The fund received the request on a Monday, and by Thursday had dispatched one of its trustees, Wendy Baron, an informal adviser to the London Jewish Museum of Art, to Paris to see the gouache in the showroom at the Tajan auction house.

“It was very powerful, a knockout,” Ms. Baron, an expert on modern British art, said on Thursday in a telephone interview. “In fact, I was very worried in the sale room to see other people looking closely at it.”

The fund agreed to provide up to 100,000 euros (about $143,000) to help the museum win the work if competition materialized. But in the end, at a poorly attended sale in late October, Mr. Glasser was able to buy it for 30,000 euros (about $43,000) with money provided by one of the museum’s benefactors. After remaining silent about it for several weeks amid worries that France might decide to use its pre-emption laws to void the sale and keep the work for a French institution, the painting, 20 by 14 inches, was shipped to London.
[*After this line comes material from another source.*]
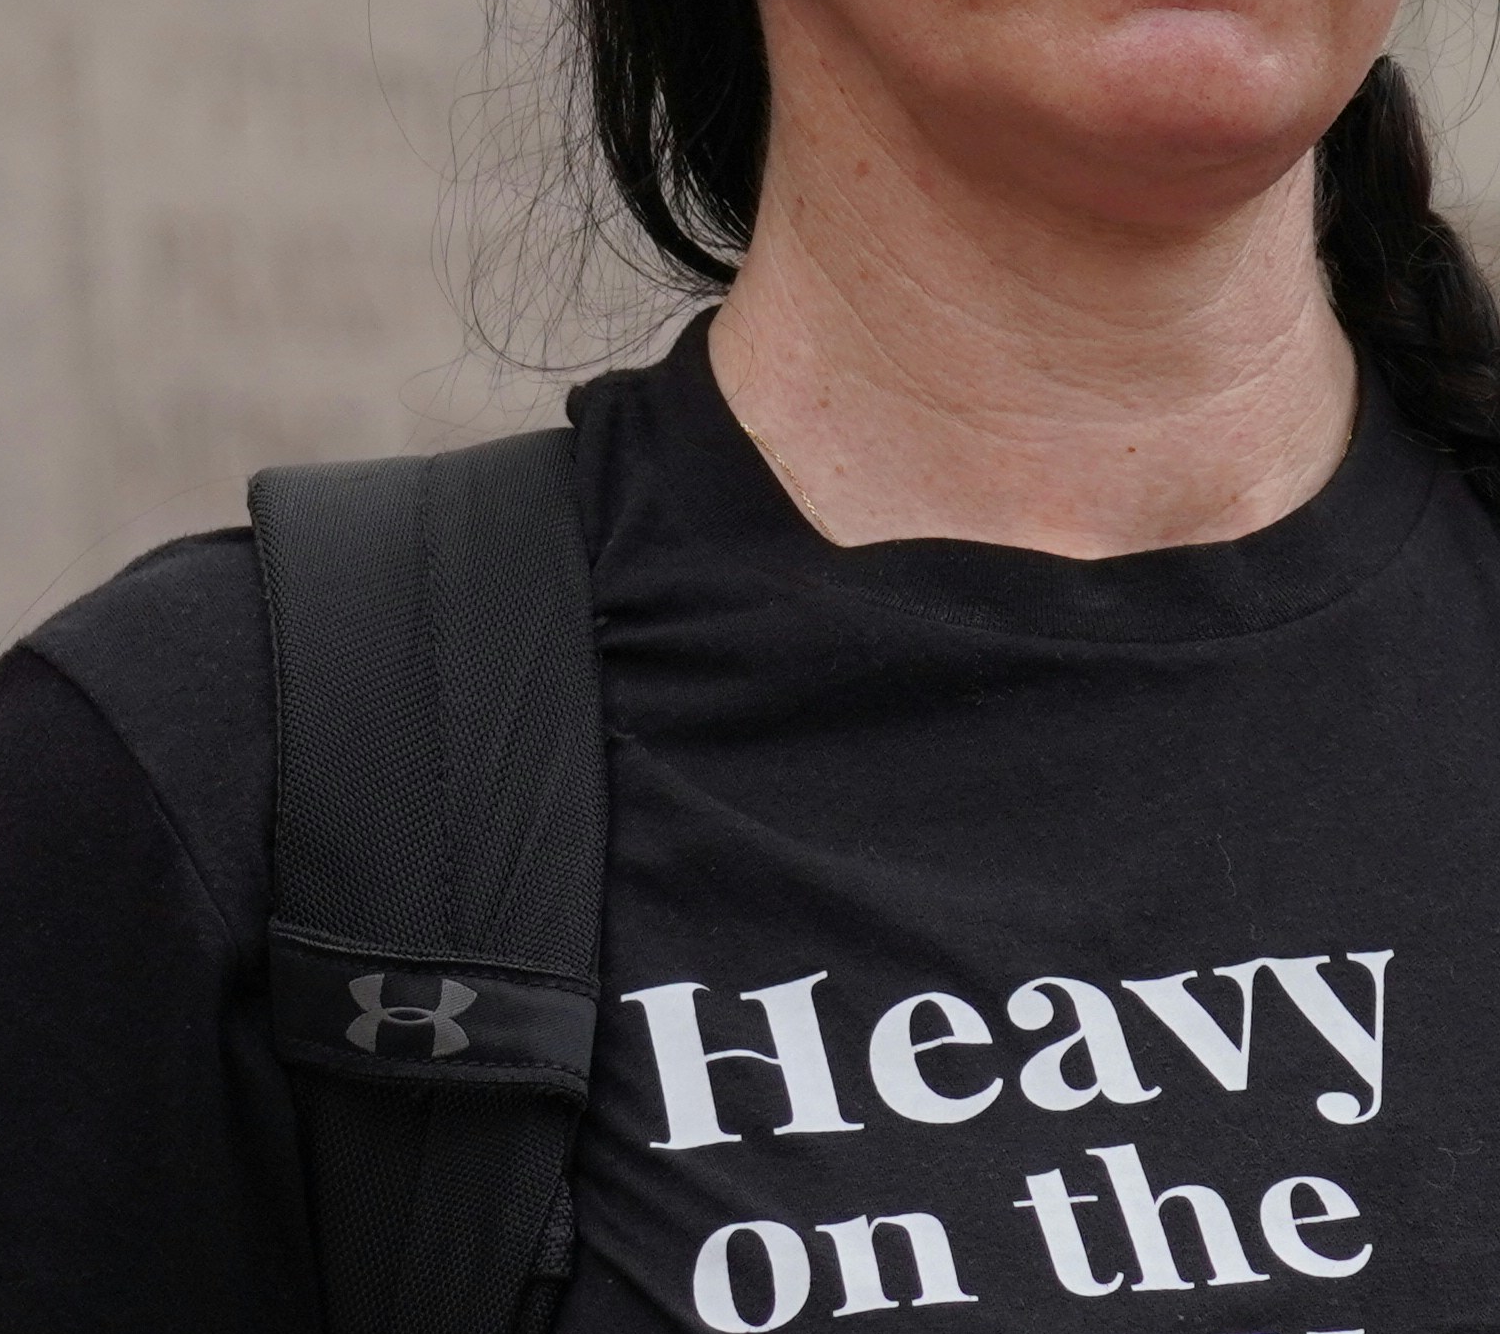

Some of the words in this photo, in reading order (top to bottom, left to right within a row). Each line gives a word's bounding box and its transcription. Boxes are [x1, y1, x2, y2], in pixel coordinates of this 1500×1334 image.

[620, 949, 1395, 1150] Heavy
[692, 1212, 979, 1334] on
[1013, 1143, 1373, 1297] the
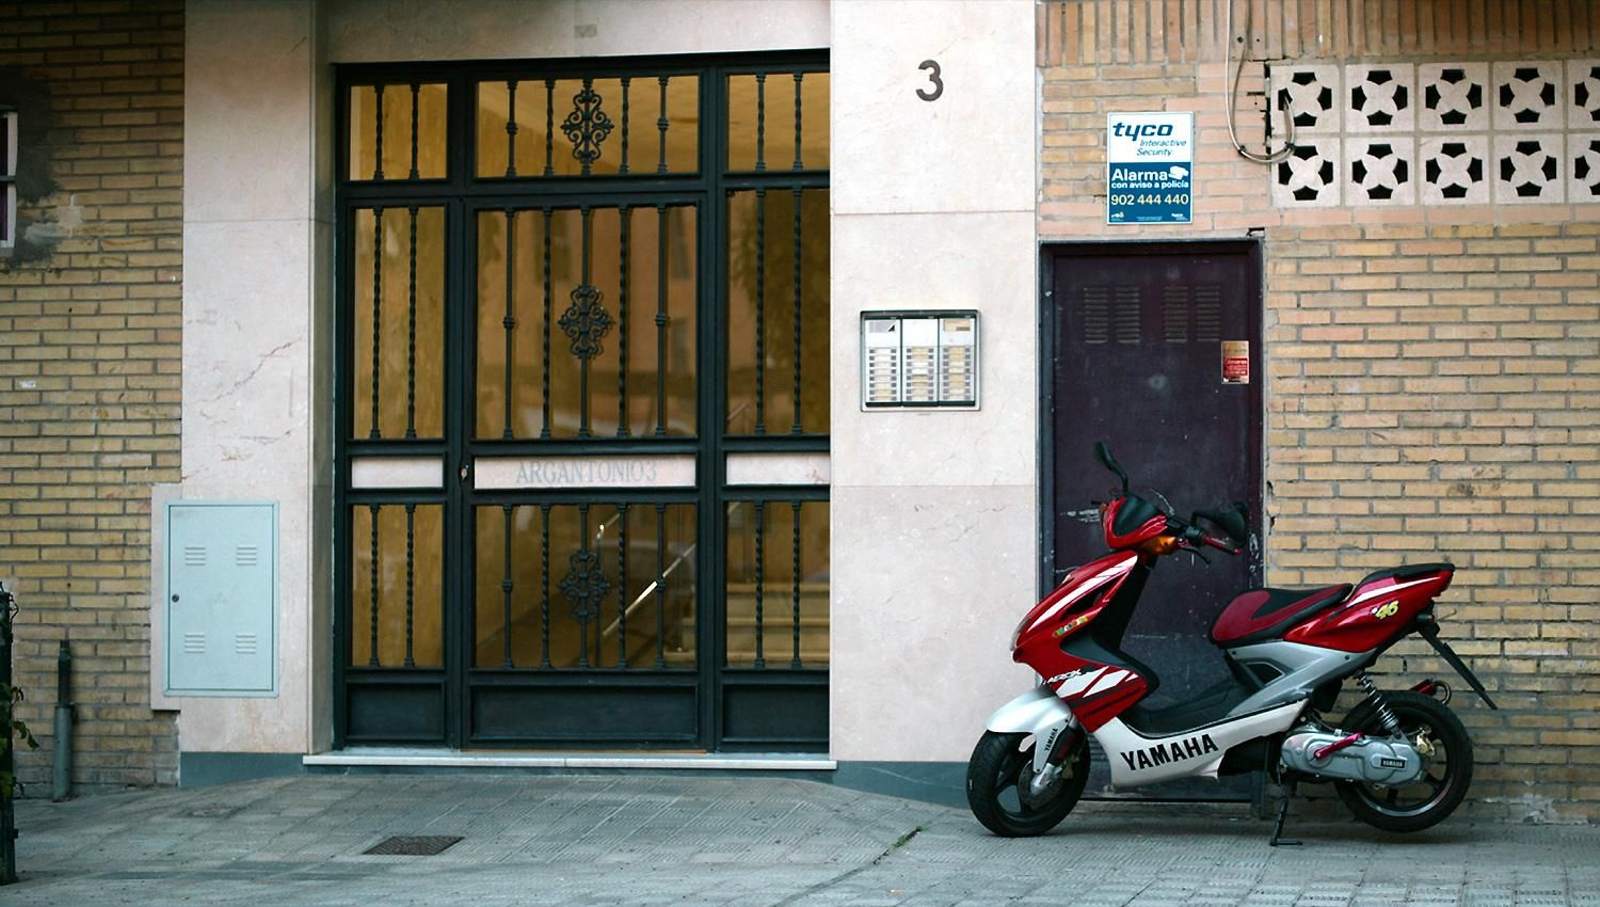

And beginning on Thursday, it will go on public display for the first time, at the Osborne Samuel gallery in Mayfair, before moving into the museum’s permanent collection at the end of the month. In going on view, it will become another of the notable publicly exhibited examples of Chagall’s wartime imagery, like the “Yellow Crucifixion” from 1943, at the Georges Pompidou Center, and the “White Crucifixion” from 1938 at the Art Institute of Chicago.

“Although in many of his works Chagall had reacted to events in Germany, he usually did not depict them but used symbols — such as the crucifixion, a Jew holding a Torah, a mother protecting her child or a falling angel — to suggest what was happening there,” writes Ziva Amishai-Maisels, a Chagall scholar and professor emeritus at Hebrew University of Jerusalem, in a catalog to accompany the exhibition of the painting. “Although he still used some of these symbols in ‘Apocalypse,’ he combined them with the reality of the Holocaust in a manner that was very rare in his work. This and the way he depicted the conflict between the Nazi and the naked Christ make this a unique work.”

Ms. Baron, of the Art Fund, agreed. “I think it is really a tremendous coup,” she said, “to get it for this collection and for the country.”